Dataset —

* * *

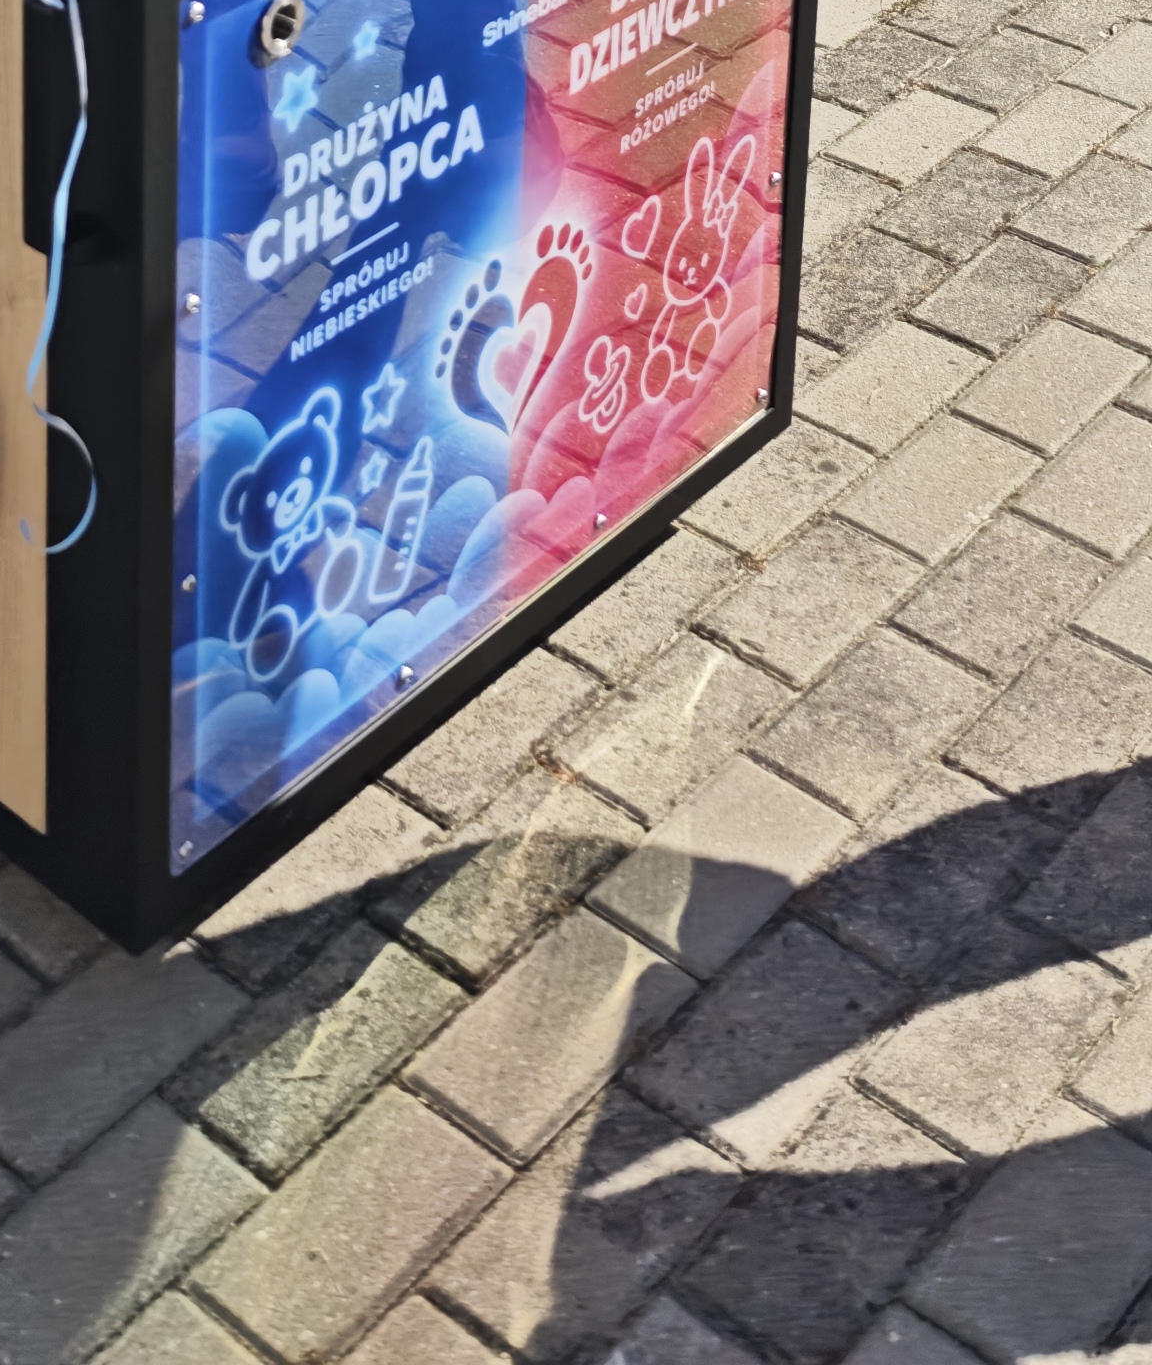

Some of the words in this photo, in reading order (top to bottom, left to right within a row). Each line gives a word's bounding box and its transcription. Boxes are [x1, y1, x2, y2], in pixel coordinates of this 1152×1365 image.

* * *

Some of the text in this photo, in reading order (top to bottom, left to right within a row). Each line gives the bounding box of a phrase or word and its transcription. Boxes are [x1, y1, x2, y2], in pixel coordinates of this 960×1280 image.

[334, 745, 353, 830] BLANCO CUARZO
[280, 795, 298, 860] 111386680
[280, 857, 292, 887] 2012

* * *

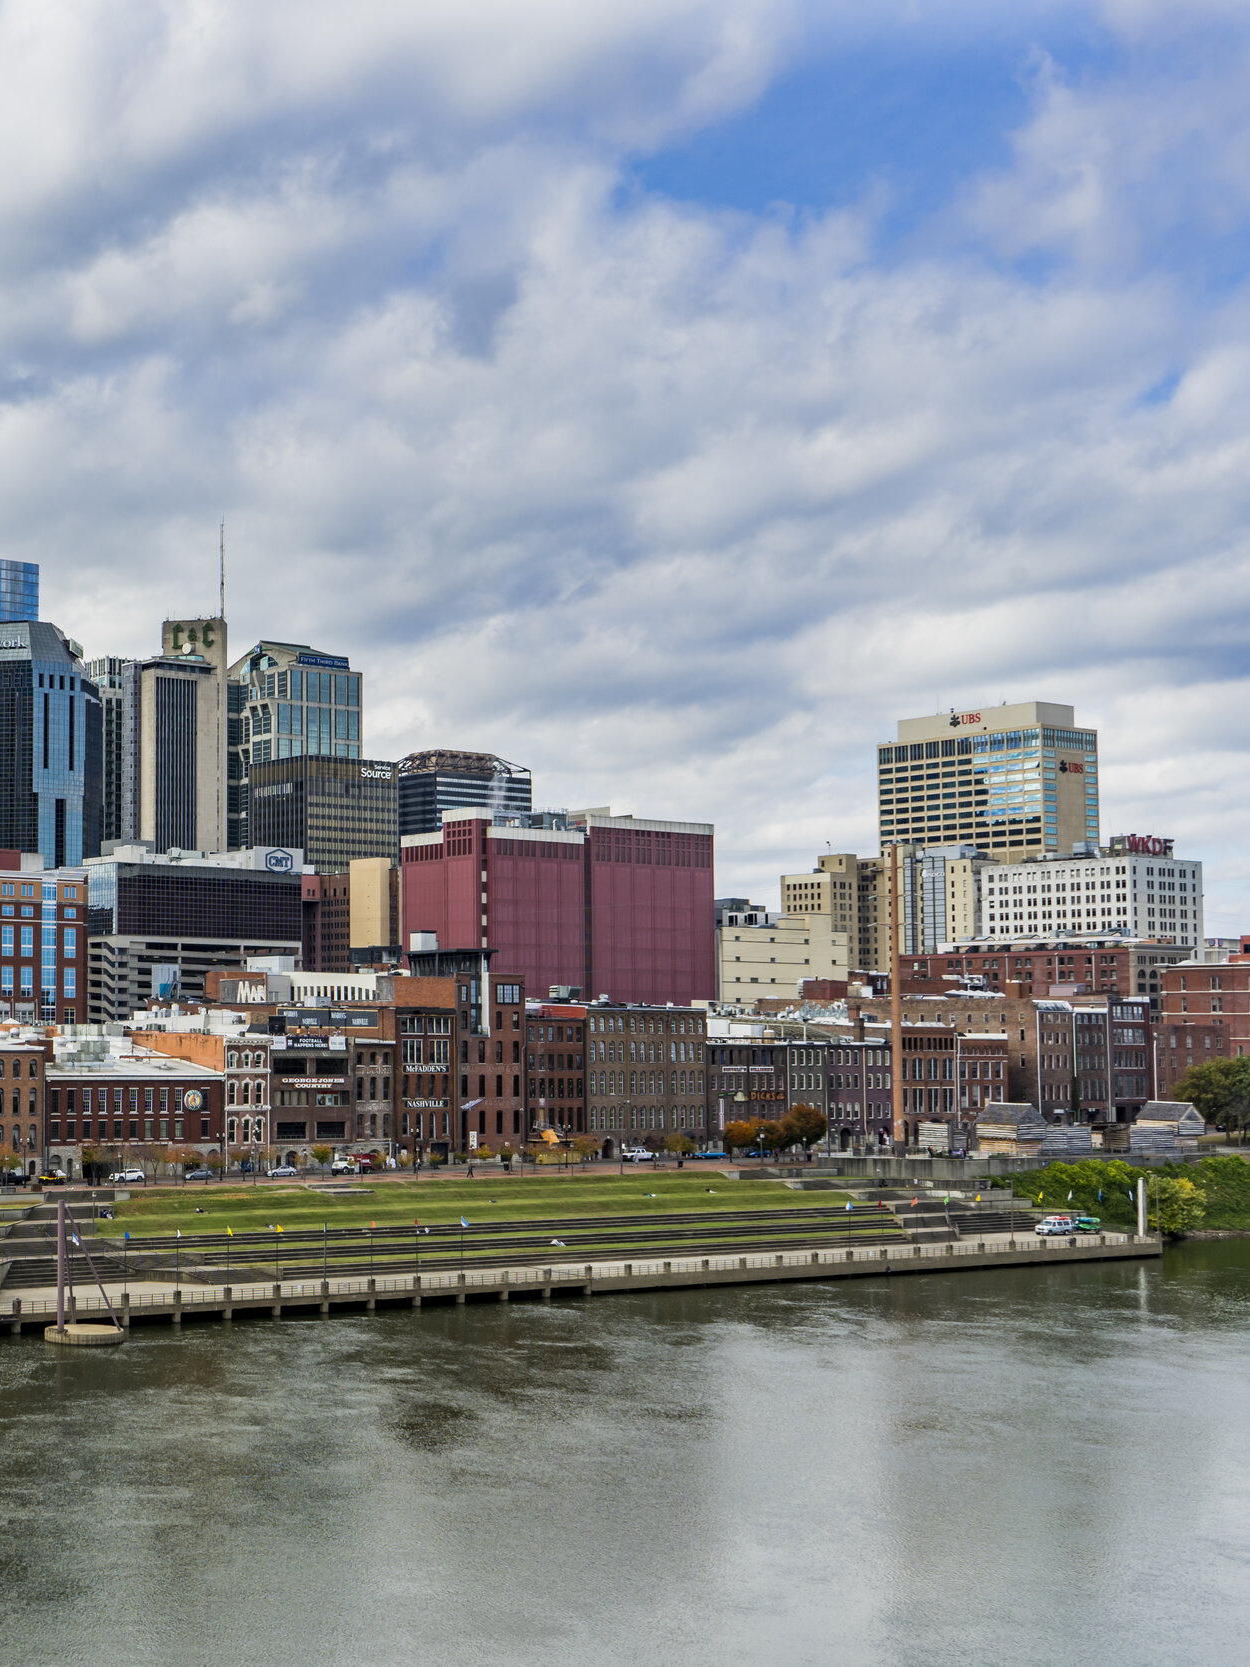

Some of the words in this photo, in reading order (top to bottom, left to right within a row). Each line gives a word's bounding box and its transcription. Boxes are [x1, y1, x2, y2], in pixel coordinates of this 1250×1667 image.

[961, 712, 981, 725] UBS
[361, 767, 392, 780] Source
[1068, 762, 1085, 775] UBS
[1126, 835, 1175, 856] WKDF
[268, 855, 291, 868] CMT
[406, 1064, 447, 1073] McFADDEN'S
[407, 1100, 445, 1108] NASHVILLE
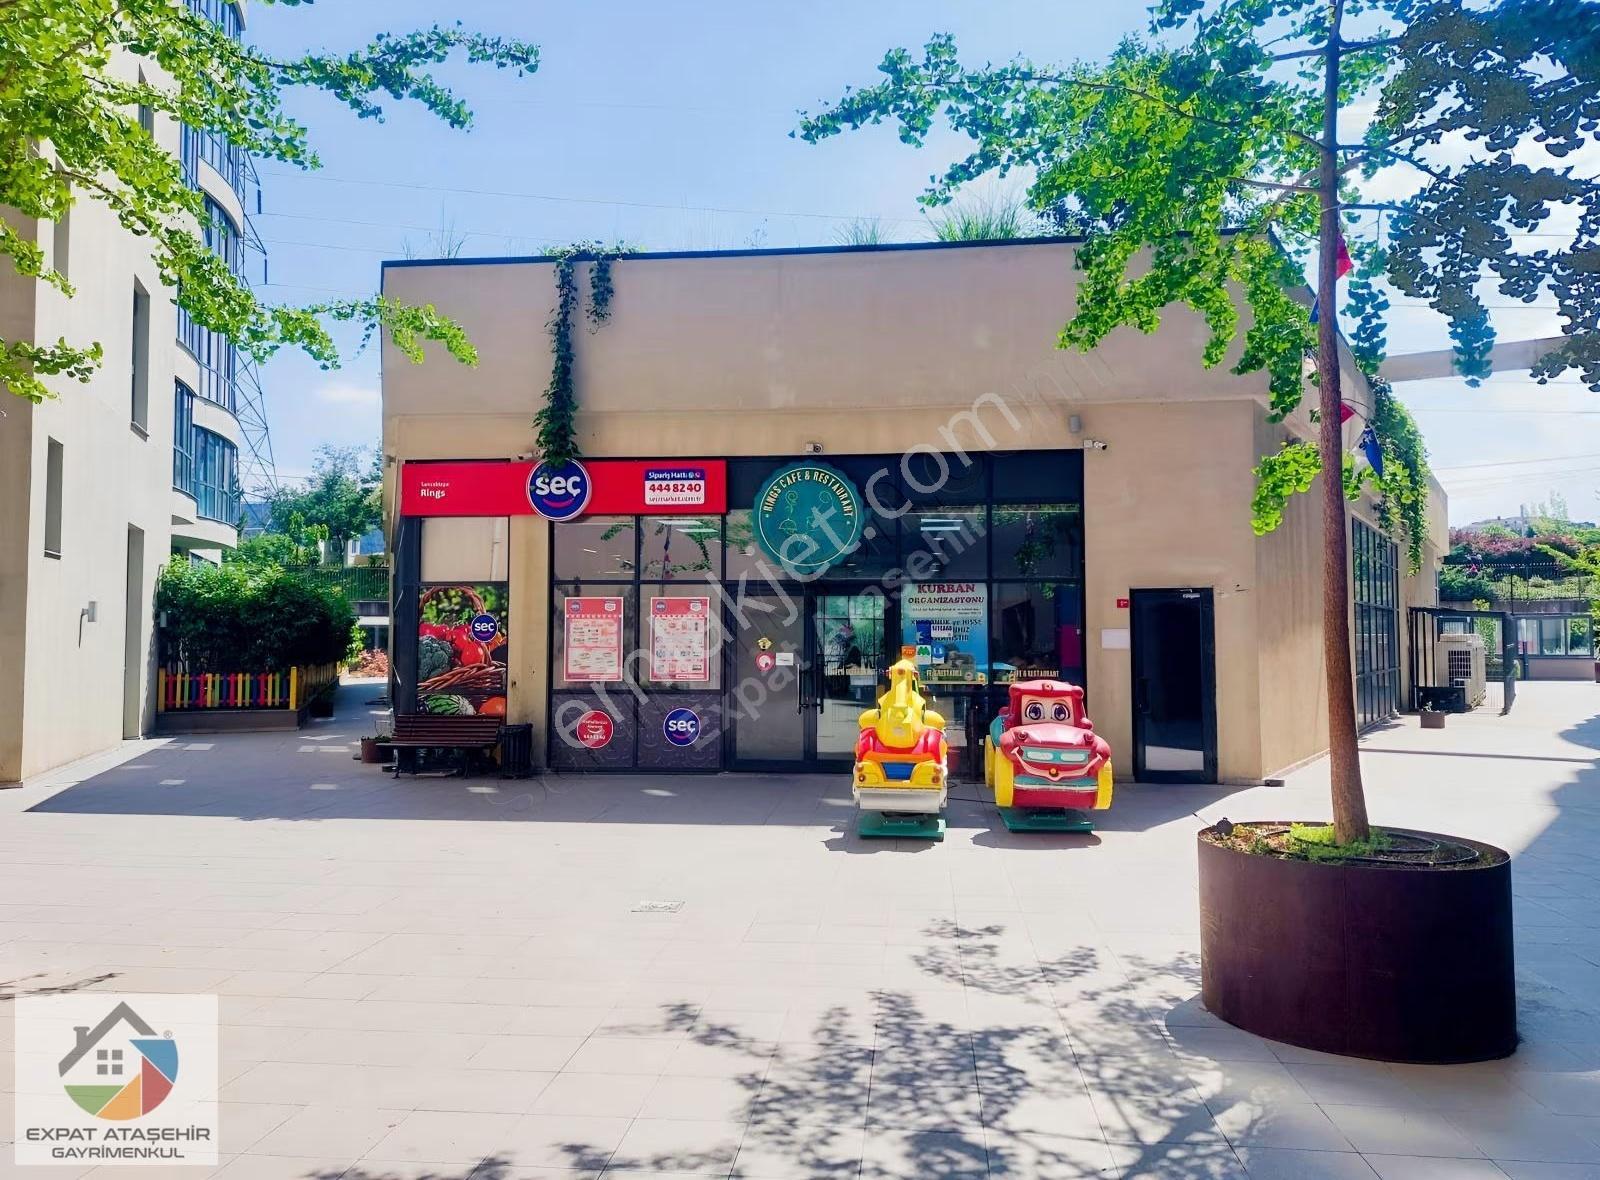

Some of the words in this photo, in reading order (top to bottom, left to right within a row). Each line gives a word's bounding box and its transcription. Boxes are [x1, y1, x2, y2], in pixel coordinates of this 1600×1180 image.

* * *

Exercise goal — Everything from the line with "this 1250×1667 image." down to the line with "this 1600×1180 image." in the data above should be copied exactly, with both end lines kept and the pictures left out.

Reply —
Some of the words in this photo, in reading order (top to bottom, left to right within a row). Each line gives a word's bounding box and its transcription. Boxes are [x1, y1, x2, y2], in pixel coordinates of this 1250×1667 image.

[961, 712, 981, 725] UBS
[361, 767, 392, 780] Source
[1068, 762, 1085, 775] UBS
[1126, 835, 1175, 856] WKDF
[268, 855, 291, 868] CMT
[406, 1064, 447, 1073] McFADDEN'S
[407, 1100, 445, 1108] NASHVILLE

Some of the words in this photo, in reading order (top to bottom, left to right within a row). Each line gives a word's bounding box and its transcription. Boxes are [x1, y1, x2, y2], in pixel coordinates of this 1600×1180 image.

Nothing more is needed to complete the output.